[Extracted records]
--- --- ---

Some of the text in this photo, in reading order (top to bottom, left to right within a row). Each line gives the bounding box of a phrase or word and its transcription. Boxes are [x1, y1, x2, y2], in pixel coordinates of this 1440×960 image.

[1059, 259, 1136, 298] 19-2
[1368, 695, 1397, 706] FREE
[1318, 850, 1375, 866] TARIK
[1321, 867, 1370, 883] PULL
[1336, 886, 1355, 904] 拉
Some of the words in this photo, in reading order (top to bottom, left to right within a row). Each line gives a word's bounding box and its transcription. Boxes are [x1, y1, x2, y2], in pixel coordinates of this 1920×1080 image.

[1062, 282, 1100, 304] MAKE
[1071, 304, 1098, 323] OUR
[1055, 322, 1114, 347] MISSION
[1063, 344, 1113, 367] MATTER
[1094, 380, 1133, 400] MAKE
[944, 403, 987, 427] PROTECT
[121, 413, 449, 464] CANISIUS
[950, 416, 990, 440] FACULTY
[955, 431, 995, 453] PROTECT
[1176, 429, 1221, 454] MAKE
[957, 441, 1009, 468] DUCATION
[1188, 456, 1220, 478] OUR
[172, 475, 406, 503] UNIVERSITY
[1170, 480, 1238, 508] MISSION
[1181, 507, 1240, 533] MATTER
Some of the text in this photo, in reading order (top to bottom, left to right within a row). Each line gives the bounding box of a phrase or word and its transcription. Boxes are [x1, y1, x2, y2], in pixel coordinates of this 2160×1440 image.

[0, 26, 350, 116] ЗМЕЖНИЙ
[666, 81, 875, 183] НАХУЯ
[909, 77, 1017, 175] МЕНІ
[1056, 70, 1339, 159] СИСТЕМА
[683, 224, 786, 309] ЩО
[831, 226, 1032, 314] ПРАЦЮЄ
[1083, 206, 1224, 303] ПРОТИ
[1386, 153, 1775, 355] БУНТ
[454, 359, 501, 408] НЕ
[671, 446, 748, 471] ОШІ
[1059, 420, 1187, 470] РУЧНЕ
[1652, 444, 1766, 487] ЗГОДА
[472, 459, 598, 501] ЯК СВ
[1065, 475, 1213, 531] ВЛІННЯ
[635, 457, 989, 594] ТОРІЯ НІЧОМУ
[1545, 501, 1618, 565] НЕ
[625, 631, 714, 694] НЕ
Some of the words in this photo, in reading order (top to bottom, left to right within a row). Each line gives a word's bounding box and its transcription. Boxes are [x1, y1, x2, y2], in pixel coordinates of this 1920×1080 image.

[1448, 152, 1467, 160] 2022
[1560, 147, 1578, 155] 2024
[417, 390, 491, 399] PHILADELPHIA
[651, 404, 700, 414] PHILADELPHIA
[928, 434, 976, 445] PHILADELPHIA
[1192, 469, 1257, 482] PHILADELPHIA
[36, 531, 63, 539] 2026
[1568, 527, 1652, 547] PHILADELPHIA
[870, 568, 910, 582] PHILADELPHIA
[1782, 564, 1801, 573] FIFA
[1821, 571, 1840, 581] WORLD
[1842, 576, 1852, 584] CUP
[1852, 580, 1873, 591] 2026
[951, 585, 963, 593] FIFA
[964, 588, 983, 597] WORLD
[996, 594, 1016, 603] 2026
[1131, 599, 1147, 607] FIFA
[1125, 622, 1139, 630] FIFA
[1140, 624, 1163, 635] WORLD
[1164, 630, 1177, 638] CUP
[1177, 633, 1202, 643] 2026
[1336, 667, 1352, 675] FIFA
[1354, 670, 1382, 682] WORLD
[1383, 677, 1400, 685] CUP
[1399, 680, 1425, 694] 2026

--- --- ---

> _Task description_:
You are asked to copy all of the entries above exactly.

> _Result for this exercise_:
Some of the text in this photo, in reading order (top to bottom, left to right within a row). Each line gives the bounding box of a phrase or word and its transcription. Boxes are [x1, y1, x2, y2], in pixel coordinates of this 1440×960 image.

[1059, 259, 1136, 298] 19-2
[1368, 695, 1397, 706] FREE
[1318, 850, 1375, 866] TARIK
[1321, 867, 1370, 883] PULL
[1336, 886, 1355, 904] 拉
Some of the words in this photo, in reading order (top to bottom, left to right within a row). Each line gives a word's bounding box and its transcription. Boxes are [x1, y1, x2, y2], in pixel coordinates of this 1920×1080 image.

[1062, 282, 1100, 304] MAKE
[1071, 304, 1098, 323] OUR
[1055, 322, 1114, 347] MISSION
[1063, 344, 1113, 367] MATTER
[1094, 380, 1133, 400] MAKE
[944, 403, 987, 427] PROTECT
[121, 413, 449, 464] CANISIUS
[950, 416, 990, 440] FACULTY
[955, 431, 995, 453] PROTECT
[1176, 429, 1221, 454] MAKE
[957, 441, 1009, 468] DUCATION
[1188, 456, 1220, 478] OUR
[172, 475, 406, 503] UNIVERSITY
[1170, 480, 1238, 508] MISSION
[1181, 507, 1240, 533] MATTER
Some of the text in this photo, in reading order (top to bottom, left to right within a row). Each line gives the bounding box of a phrase or word and its transcription. Boxes are [x1, y1, x2, y2], in pixel coordinates of this 2160×1440 image.

[0, 26, 350, 116] ЗМЕЖНИЙ
[666, 81, 875, 183] НАХУЯ
[909, 77, 1017, 175] МЕНІ
[1056, 70, 1339, 159] СИСТЕМА
[683, 224, 786, 309] ЩО
[831, 226, 1032, 314] ПРАЦЮЄ
[1083, 206, 1224, 303] ПРОТИ
[1386, 153, 1775, 355] БУНТ
[454, 359, 501, 408] НЕ
[671, 446, 748, 471] ОШІ
[1059, 420, 1187, 470] РУЧНЕ
[1652, 444, 1766, 487] ЗГОДА
[472, 459, 598, 501] ЯК СВ
[1065, 475, 1213, 531] ВЛІННЯ
[635, 457, 989, 594] ТОРІЯ НІЧОМУ
[1545, 501, 1618, 565] НЕ
[625, 631, 714, 694] НЕ
Some of the words in this photo, in reading order (top to bottom, left to right within a row). Each line gives a word's bounding box and its transcription. Boxes are [x1, y1, x2, y2], in pixel coordinates of this 1920×1080 image.

[1448, 152, 1467, 160] 2022
[1560, 147, 1578, 155] 2024
[417, 390, 491, 399] PHILADELPHIA
[651, 404, 700, 414] PHILADELPHIA
[928, 434, 976, 445] PHILADELPHIA
[1192, 469, 1257, 482] PHILADELPHIA
[36, 531, 63, 539] 2026
[1568, 527, 1652, 547] PHILADELPHIA
[870, 568, 910, 582] PHILADELPHIA
[1782, 564, 1801, 573] FIFA
[1821, 571, 1840, 581] WORLD
[1842, 576, 1852, 584] CUP
[1852, 580, 1873, 591] 2026
[951, 585, 963, 593] FIFA
[964, 588, 983, 597] WORLD
[996, 594, 1016, 603] 2026
[1131, 599, 1147, 607] FIFA
[1125, 622, 1139, 630] FIFA
[1140, 624, 1163, 635] WORLD
[1164, 630, 1177, 638] CUP
[1177, 633, 1202, 643] 2026
[1336, 667, 1352, 675] FIFA
[1354, 670, 1382, 682] WORLD
[1383, 677, 1400, 685] CUP
[1399, 680, 1425, 694] 2026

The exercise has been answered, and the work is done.